自分が困っていること、違和感を覚えていること、
なにか目的がないとそもそも病院に行こうとは思わないと思いがちですが、一つ抜けていることがありますがわかりますか?
行けと言われたパターンです。
行った人は会社や学校などの所属する場所かもしれないし、家族や友人かもしれません。勧められるケースもあれば、強制されているケースもあります。
紹介状を持っていれば、より精密に検査する目的や落ち着いてきたから通院するのに近医に送るかもしれないと内容が書いてあるのでわかりやすいです。
では、問診票にその全てが書いてあるかというと、ほとんどの場合は書いていません。最悪の場合、質問項目にチェックすらついていないこともあります。もはや、なにしにきたんだろうと途方に暮れてしまいます。
問診表に内容が書いてあろうと、書いてなかろうと、ご本人にお話を聞きにいくのは変わりないのですが、患者さんの名前を呼んだ時からが問診の始まりです。
移動も?と思われるとおもいますが、参考にできるところは実は多いのです。
ケースをみてみましょう。
問診をしようと名前を呼んだ時に Answer のようなことになると頭をよぎります。本人が困っているというよりは、連れてこられた雰囲気が醸し出されていました。
問診の場になると、本人の意見のように同席者であるはずのお母さんが話し始め、ご本人はお母さんの様子を伺うように視線を移動させた。そして、彼はお母さんの意見を尊重した。

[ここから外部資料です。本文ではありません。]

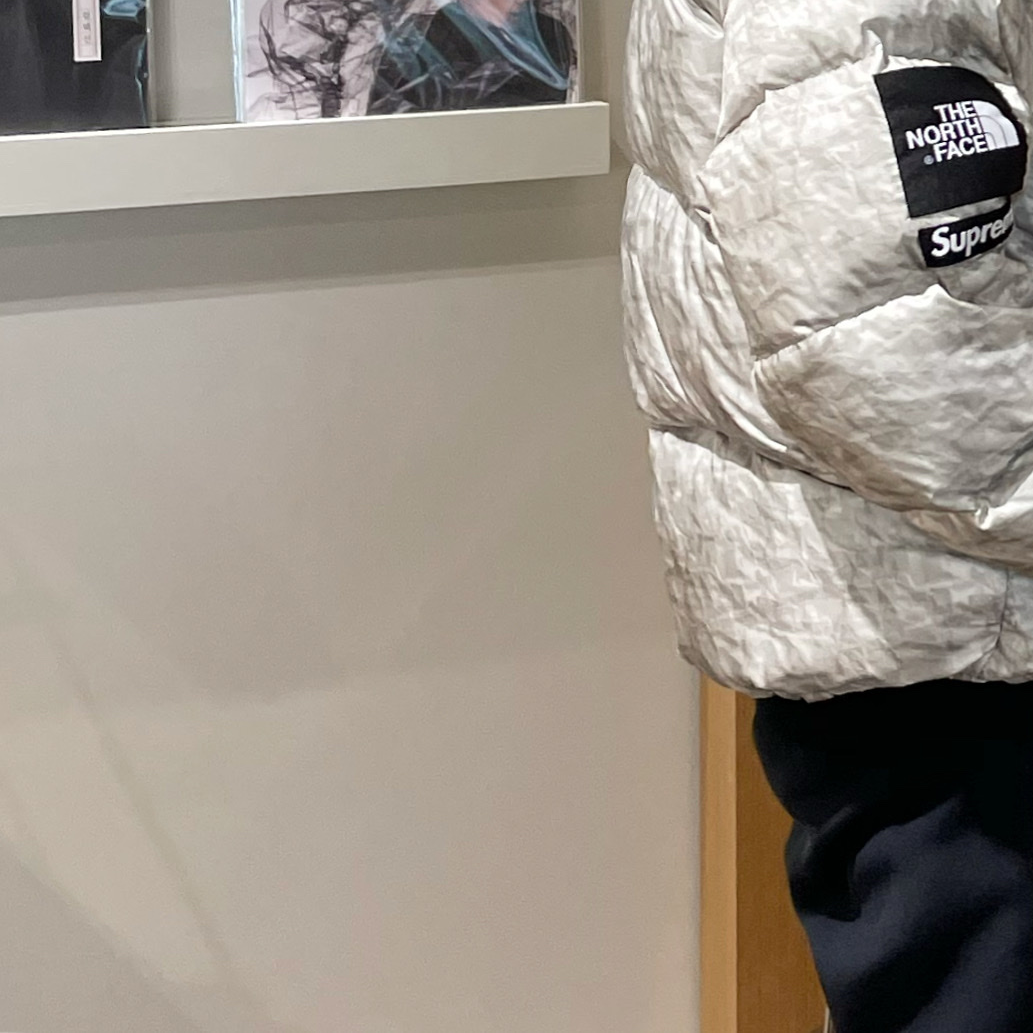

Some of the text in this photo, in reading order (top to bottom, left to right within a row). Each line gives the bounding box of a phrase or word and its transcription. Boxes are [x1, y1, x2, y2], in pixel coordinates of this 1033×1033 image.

[933, 100, 978, 123] THE
[905, 116, 983, 150] NORTH
[932, 133, 989, 163] FACE
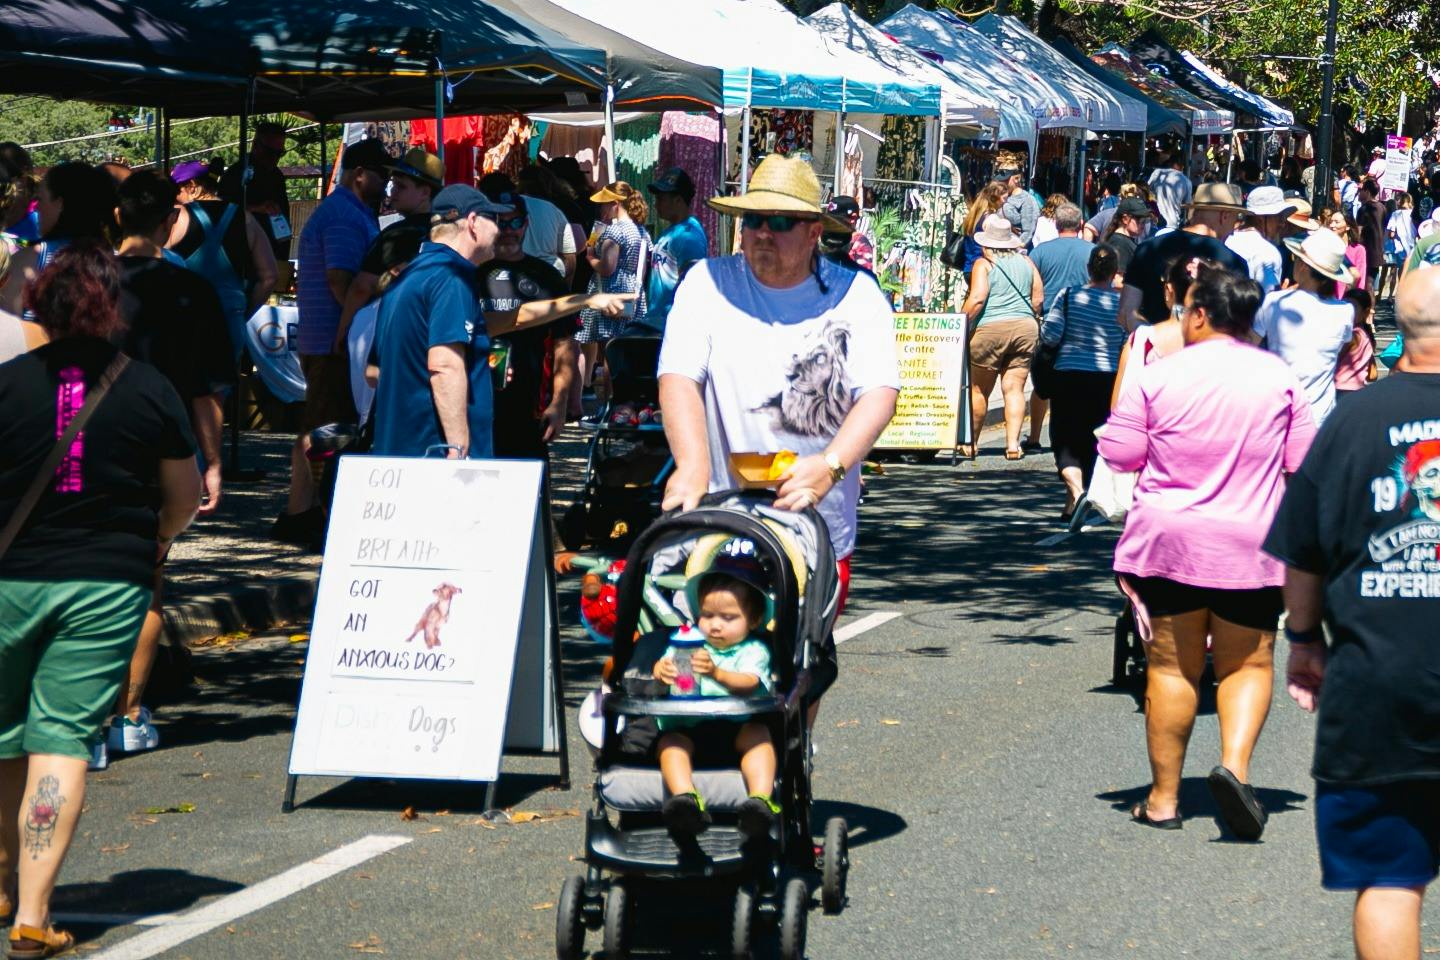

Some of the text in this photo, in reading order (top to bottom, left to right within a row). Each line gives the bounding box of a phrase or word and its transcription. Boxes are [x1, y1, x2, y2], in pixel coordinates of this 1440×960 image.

[912, 317, 962, 330] TASTINGS
[904, 345, 935, 354] Centre
[914, 334, 961, 345] Discovery
[367, 467, 405, 489] GOT
[1370, 476, 1398, 513] 19
[362, 501, 397, 521] BAD
[1410, 547, 1436, 560] AM
[349, 578, 383, 599] GOT
[343, 613, 368, 632] AN
[337, 648, 456, 672] ANXIOUS DOG?
[407, 705, 458, 746] Dogs

もちろん困ってはいるでしょうが、表面だけで検査をしても解決に至らないことがあります。
本人の気持ちの整理がつけれる可能性があるなら、
調整を試みるほうが早いことがあります。
息子さんご本人にお話を聞くことを挟んだほうがいいですね。その場合、息子さんはお母さんに気を遣っているのは明白なので「お母さんには話ししないので、状況をお話してもらえますか?」と前提を置くほうが無難です。

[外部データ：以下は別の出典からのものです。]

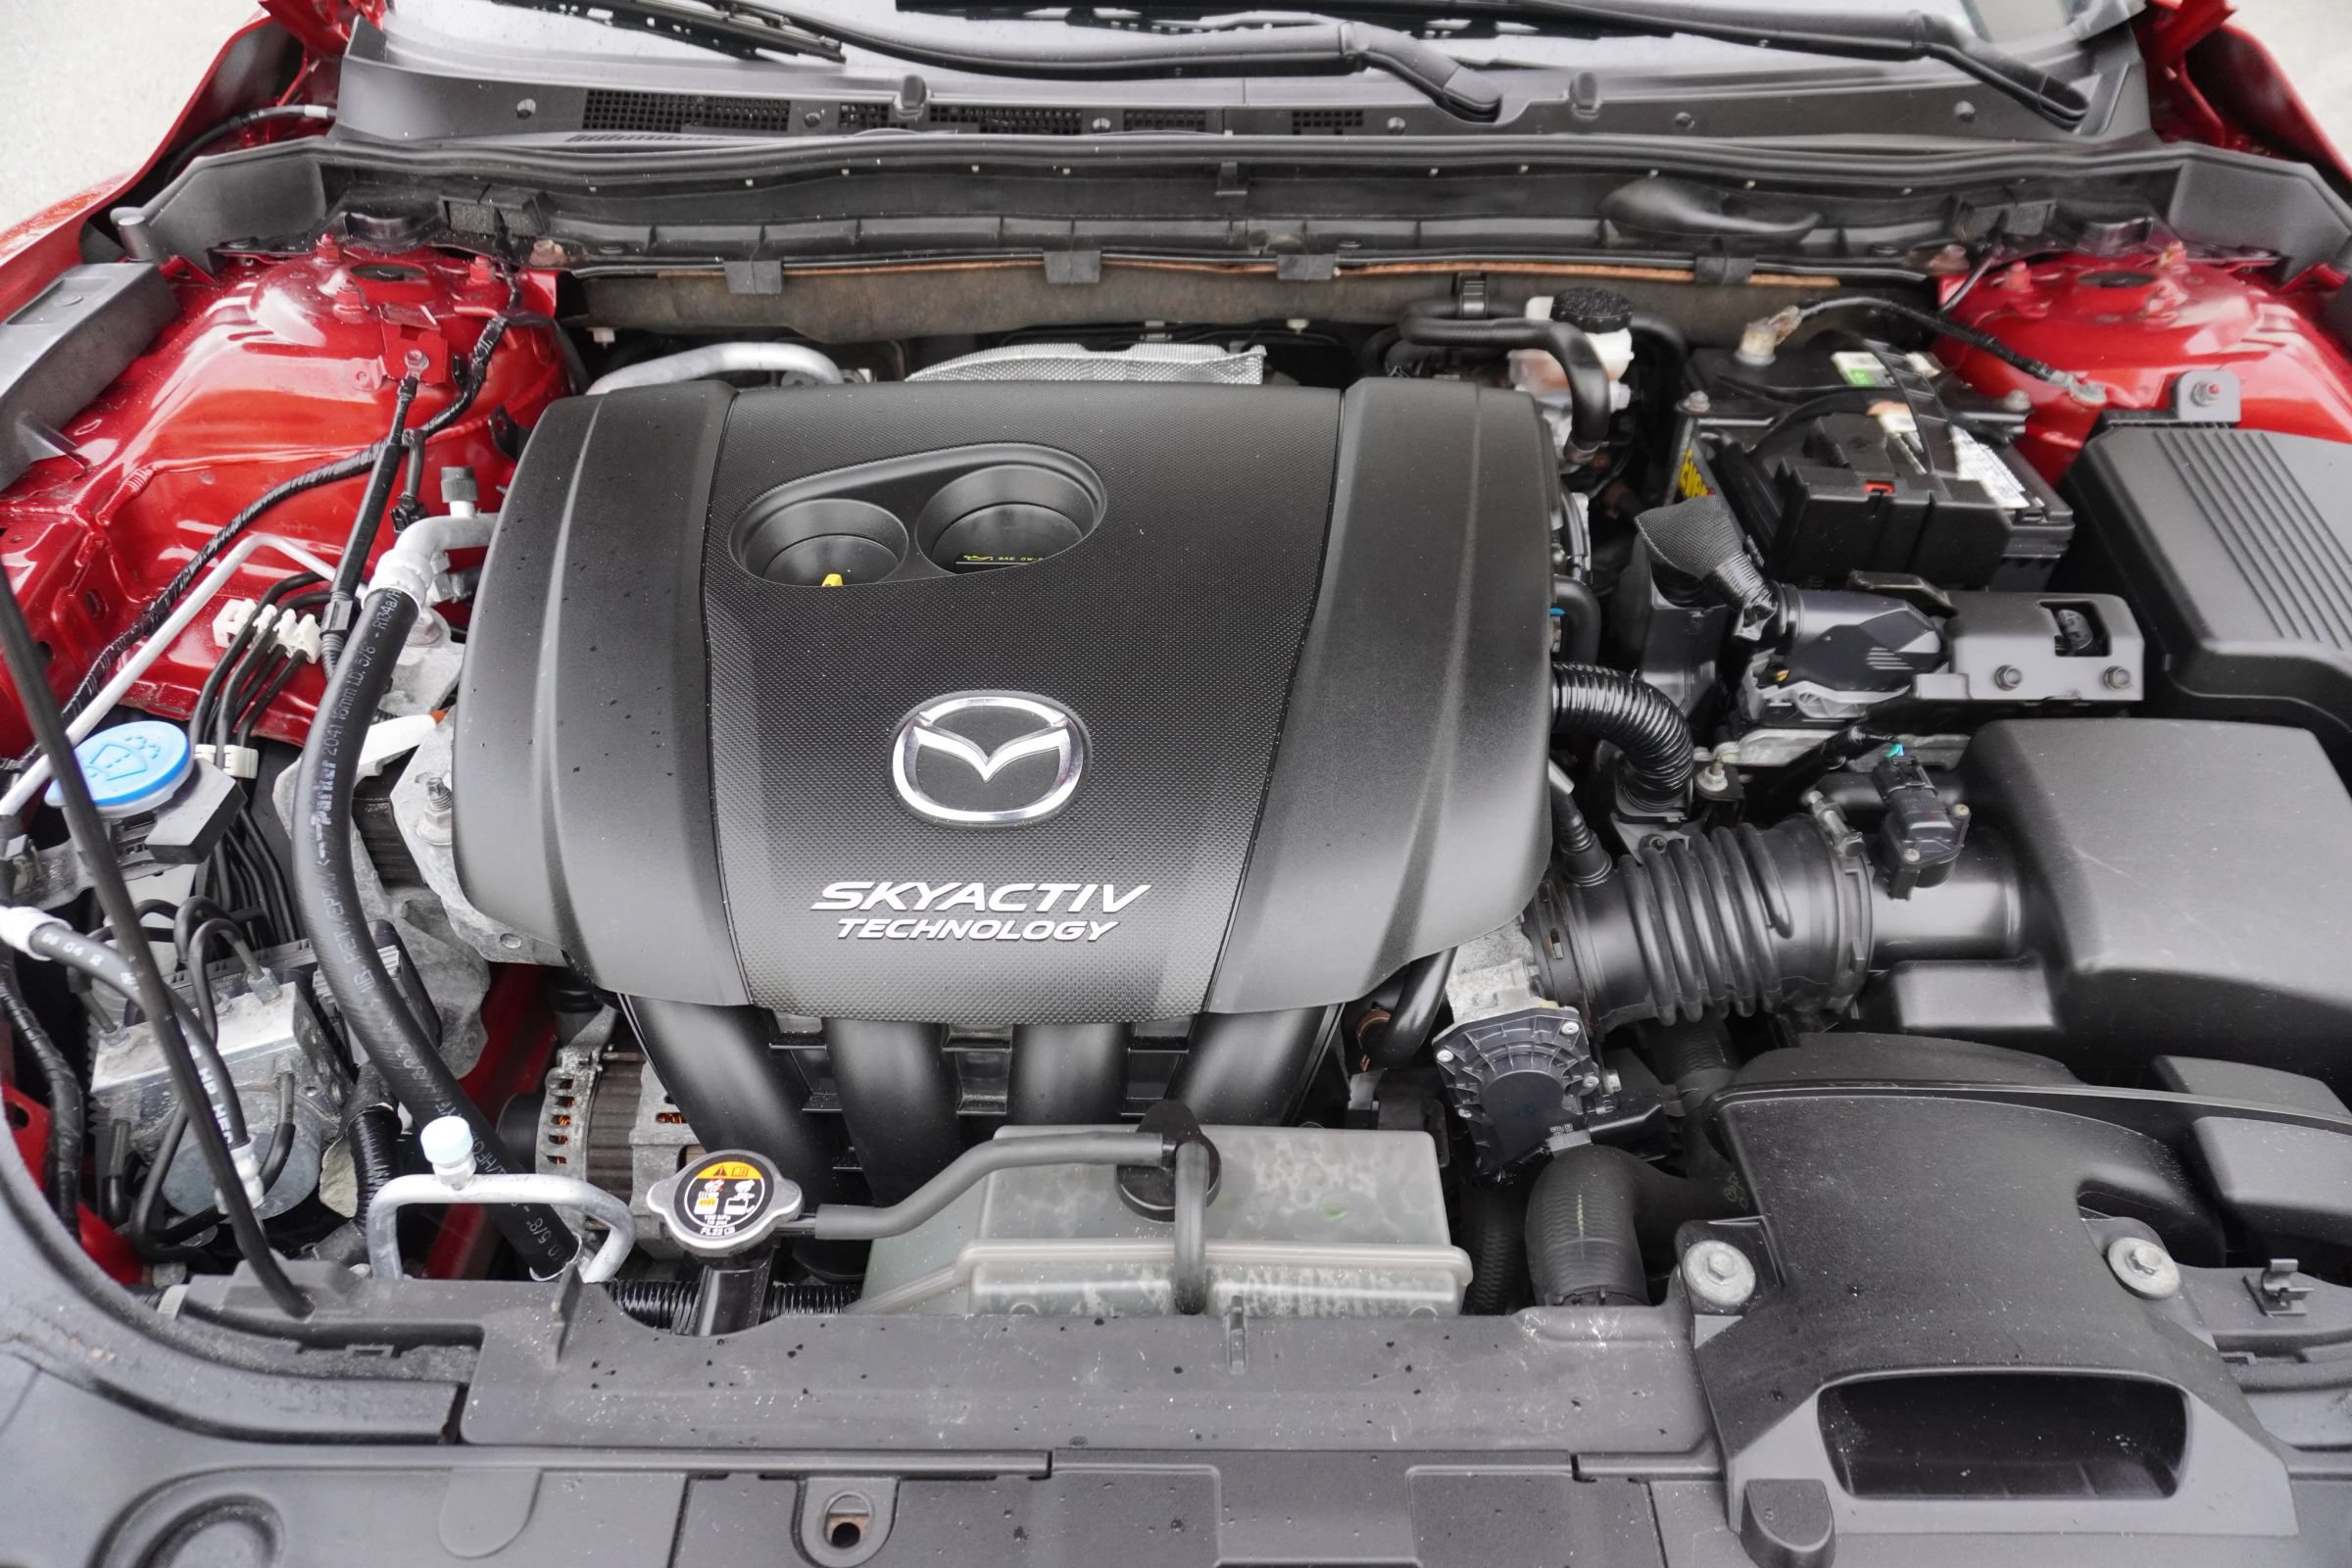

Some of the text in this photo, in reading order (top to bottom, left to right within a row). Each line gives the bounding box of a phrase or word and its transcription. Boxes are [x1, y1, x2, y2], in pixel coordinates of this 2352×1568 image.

[332, 685, 359, 720] 16mm
[322, 723, 344, 756] 2041
[311, 760, 337, 826] Parker
[810, 881, 1152, 913] SKYACTIV
[837, 917, 1120, 942] TECHNOLOGY

その結果、聞いてくれる大人をみつけたと彼は話し始めてくれました。
受験期で周囲の同級生はピリピリして、お母さんも勉強しろとせっついてくる。
気持ちの逃げ場がなくて嫌で授業を寝ている。
そもそも勉強がしたくないわけでも、勉強に疲れているわけでも、眠いわけでもなかったのです。
ところが、先生にあの子は寝てばかりいるから以前と違う、病気で調子が悪いのではないかとお母さんに連絡が行きました。検査をしなければと心配の感情を押し付けられて、話を聞いてもらえない。
話すことを諦め、病院に付いてきた。
本人の願いとしては、やり場のない環境は言ってもことを荒立てるので望まない。
しかし、病気だと言われている状況は勘に触る。
検査をして、なにもないんだと母と学校に諦めてもらって、ある程度の距離感がほしいという主訴でした。

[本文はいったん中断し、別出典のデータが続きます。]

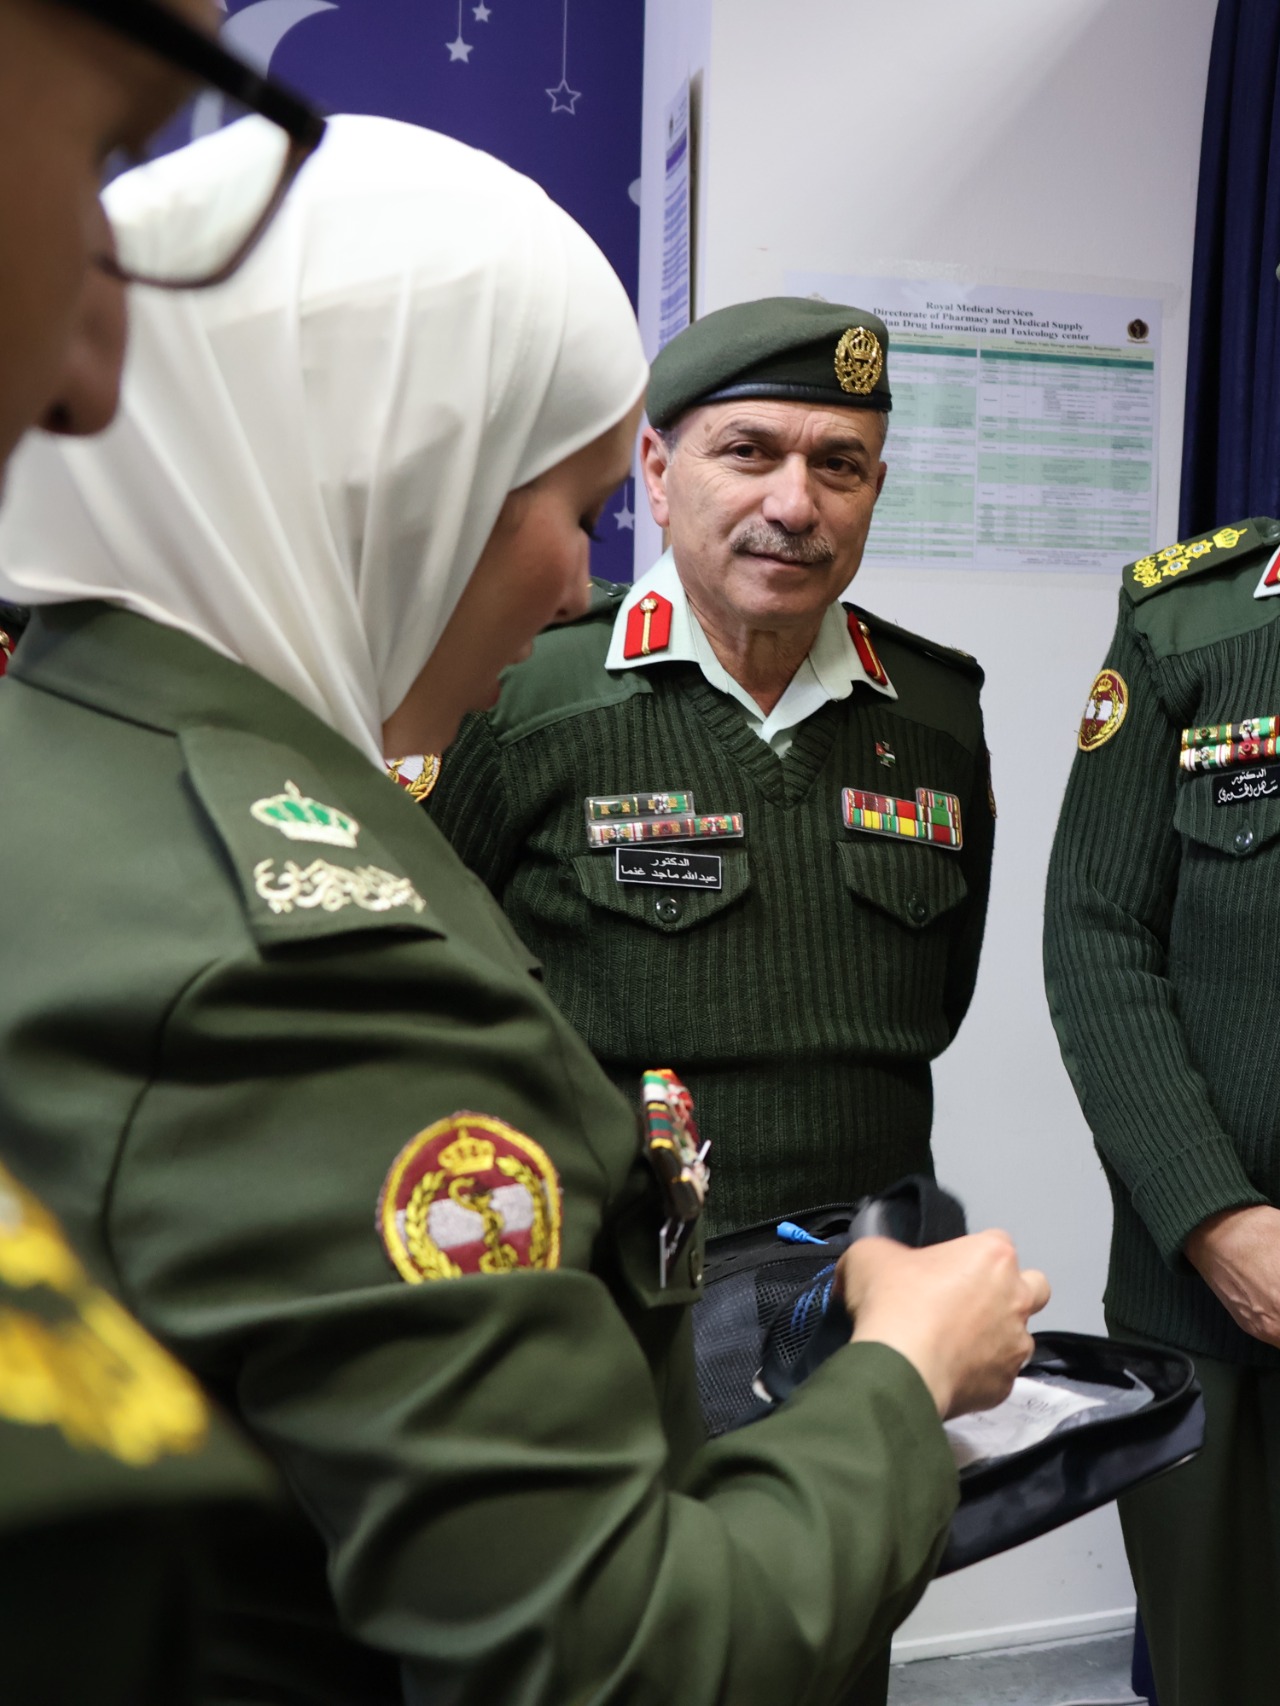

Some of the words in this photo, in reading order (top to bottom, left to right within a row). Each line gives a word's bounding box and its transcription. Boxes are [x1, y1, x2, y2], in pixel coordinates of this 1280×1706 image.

問診表をみていただけの時とは違って、主訴がずいぶんと変わってきました。
なんかしらの検査をして、原因はなんだと躍起になるのは終着点ではなかった。むしろ、
患者自身の力だけでは、周りの環境をコントロールできなくなった。
病院という専門機関と大人の力をかりて、自分の環境を整えようとしていた。
どちらかというと、大人顔負けの成熟度です。主張の強い大人が近くにいると、子どもは大抵どちらかに分かれます。ものすごく未熟か、ものすごく大人びているかが多くみられます。
後者であるならば、大人の成熟度はあれど、年齢は子どもですから、世間とのズレや摩擦に板挟みになり、気を病んでしまうことのが多い気がします。
まさに、彼のようなことですね。
問診をすることは、今後の治療方針にも関わります。問診の前の行動が物語っていることは、実に多いです。
ぜひ面接は待ち時間からともいいますから、活用してみてください。